== Problem requirements ==
A word-for-word copy of all entries is required, without images.

*** Block opens ***

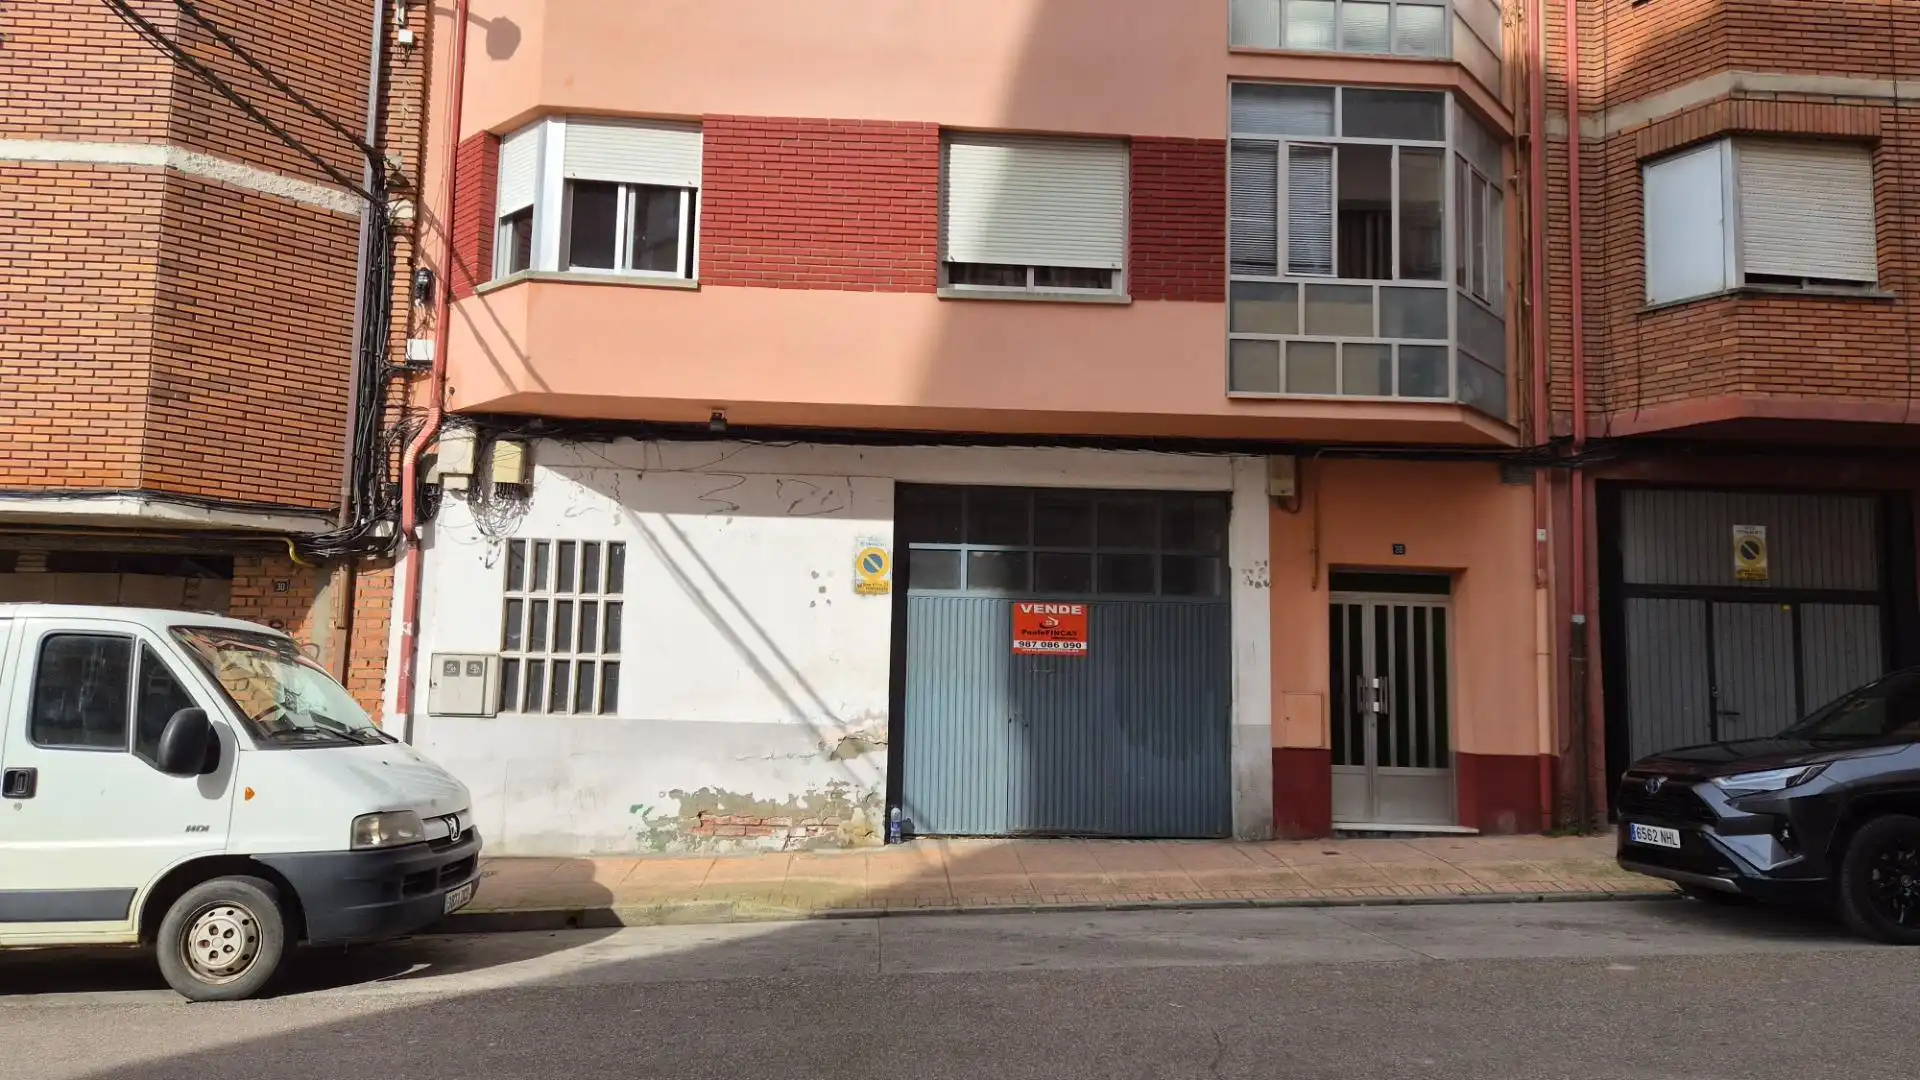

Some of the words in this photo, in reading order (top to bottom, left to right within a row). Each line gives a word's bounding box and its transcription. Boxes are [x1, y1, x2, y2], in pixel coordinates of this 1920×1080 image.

[1020, 604, 1083, 615] VENDE
[1040, 641, 1060, 649] 086
[1636, 827, 1659, 843] 6562
[1660, 830, 1679, 846] NHL

*** Block closes ***

== Completed exercise ==
Some of the words in this photo, in reading order (top to bottom, left to right within a row). Each line gives a word's bounding box and its transcription. Boxes are [x1, y1, x2, y2], in pixel coordinates of this 1920×1080 image.

[1020, 604, 1083, 615] VENDE
[1040, 641, 1060, 649] 086
[1636, 827, 1659, 843] 6562
[1660, 830, 1679, 846] NHL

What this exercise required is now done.